Toronto : la ville qui conquiert le monde de l'IA et défie l'Amérique
Toronto s'impose comme une puissance mondiale de l'intelligence artificielle, menaçant le statut exclusif de la Silicon Valley. La révolution technologique dans la ville canadienne a commencé il y a quatre décennies, lorsque le scientifique informaticien lauréat du prix Nobel, Geoffrey Hinton, a quitté un poste bien financé aux États-Unis pour étudier l'apprentissage automatique à l'Université de Toronto.

Toronto s'impose comme une puissance mondiale de l'intelligence artificielle (IA), menaçant le statut exclusif de la Silicon Valley. La révolution technologique dans la ville canadienne a commencé il y a quatre décennies, lorsque le scientifique informaticien lauréat du prix Nobel, Geoffrey Hinton, a quitté un poste bien financé aux États-Unis pour étudier un domaine moins connu de l'apprentissage automatique à l'Université de Toronto.
Les recherches révolutionnaires de Hinton ont ouvert la voie aux systèmes d'IA modernes et ont changé le visage de la ville. Aujourd'hui, Toronto bénéficie d'un écosystème d'intelligence artificielle florissant qui attire des géants de la technologie comme Google, Nvidia, Meta et Microsoft, ainsi qu'une série de startups qui ont ouvert des bureaux et des laboratoires de recherche près de l'Université de Toronto.

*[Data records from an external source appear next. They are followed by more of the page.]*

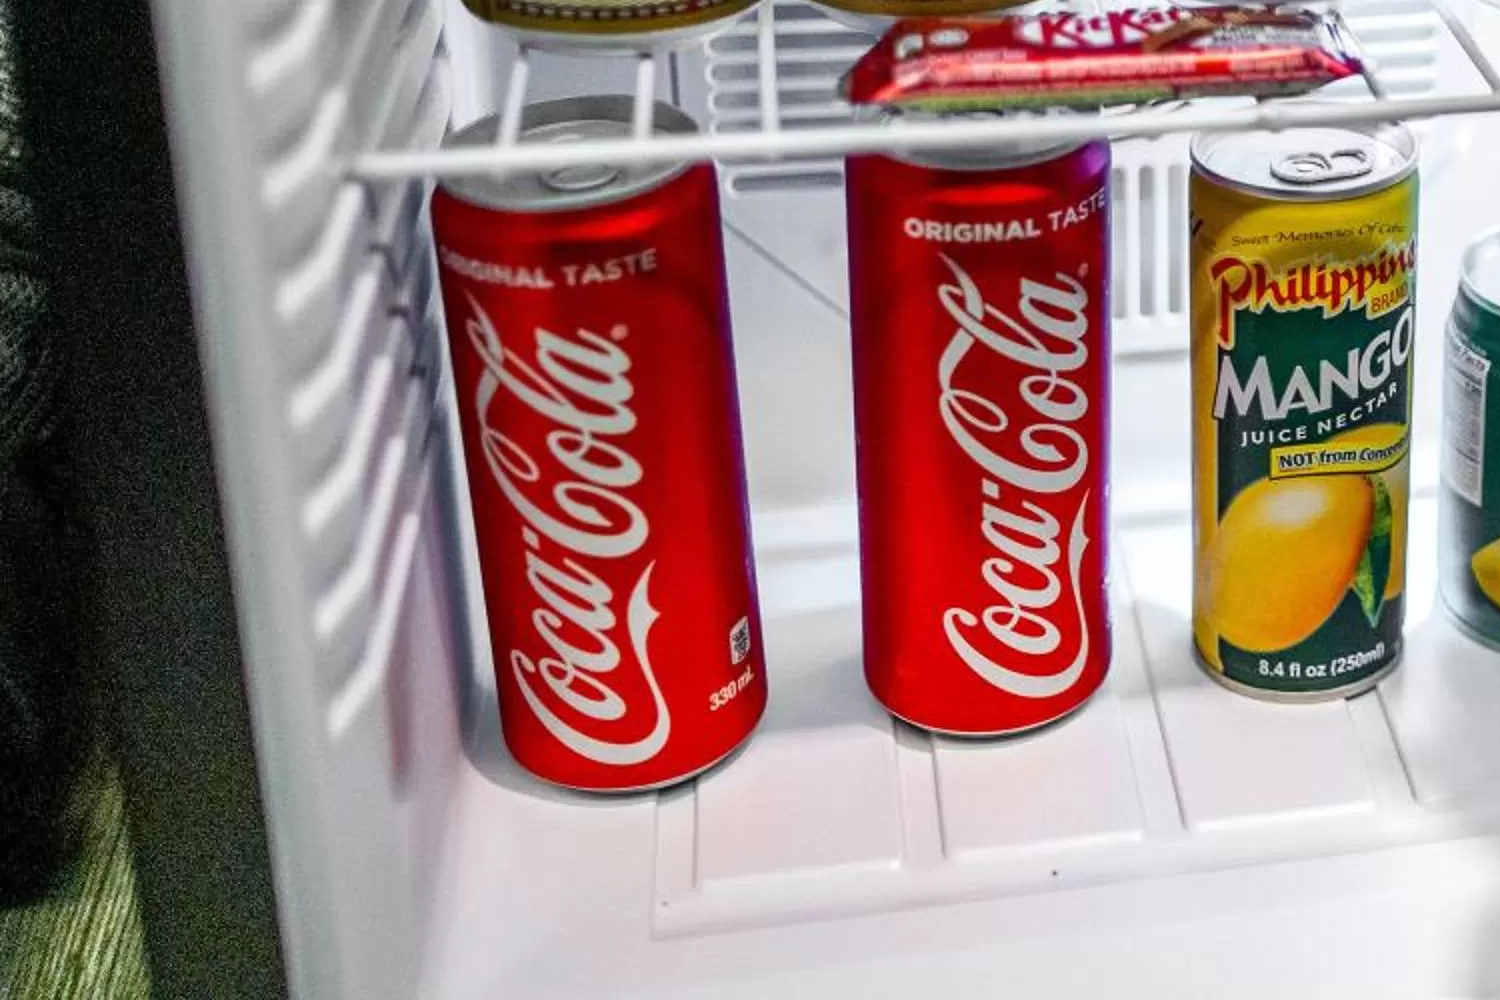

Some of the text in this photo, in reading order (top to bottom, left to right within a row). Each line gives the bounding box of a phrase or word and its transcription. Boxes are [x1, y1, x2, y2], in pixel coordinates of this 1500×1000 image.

[903, 186, 1105, 244] ORIGINAL TASTE
[561, 248, 656, 287] TASTE
[1213, 306, 1412, 420] MANGO
[1241, 382, 1397, 447] JUICE NECTAR
[938, 251, 1090, 698] Coca-Cola
[1278, 452, 1315, 469] NOT
[1319, 449, 1358, 465] from
[464, 288, 671, 766] Coca-Cola
[1259, 659, 1285, 677] 8.4
[1289, 661, 1300, 677] fl
[1306, 663, 1327, 677] oz

Selon une analyse annuelle de la société d'immobilier commercial CBRE, Toronto est actuellement classée troisième au monde en termes de marché des talents technologiques, devant New York et derrière San Francisco et Seattle. Cette réussite est attribuée à des institutions universitaires de premier plan comme l'Université de Toronto et à des instituts de recherche public-privé comme le Vector Institute, dont Hinton a été cofondateur, dont l'objectif est de commercialiser les percées dans le domaine de l'IA.
Le Premier ministre canadien Mark Carney travaille à renforcer l'écosystème local de l'IA grâce à une stratégie nationale qui comprend un investissement de plus de deux milliards de dollars dans la recherche, l'éducation et les efforts visant à accroître l'adoption de la technologie. Cela se produit dans un contexte de détérioration des relations commerciales entre les États-Unis et le Canada, ce qui souligne l'importance des investissements technologiques du pays.
Les avantages de Toronto comprennent un coût de la vie plus bas, un système de santé publique, des écoles de qualité et une politique d'immigration accueillante qui attire les talents internationaux. Ces facteurs contribuent à des taux de rotation du personnel plus faibles par rapport à la Silicon Valley et permettent de recruter des talents de qualité à moindre coût. De plus, la proximité de Toronto avec les grands marchés américains, tels que New York et Chicago, constitue un avantage stratégique.
Le succès de Toronto prouve que le fait d'être situé en dehors de la « bulle » de la Silicon Valley n'est plus un obstacle à la levée de capitaux. Les entreprises canadiennes réussissent à lever des sommes énormes, comme l'a prouvé la société Waabi, dirigée par Raquel Urtasun, qui a récemment levé plus d'un milliard de dollars lors du plus grand tour de table de l'histoire du Canada.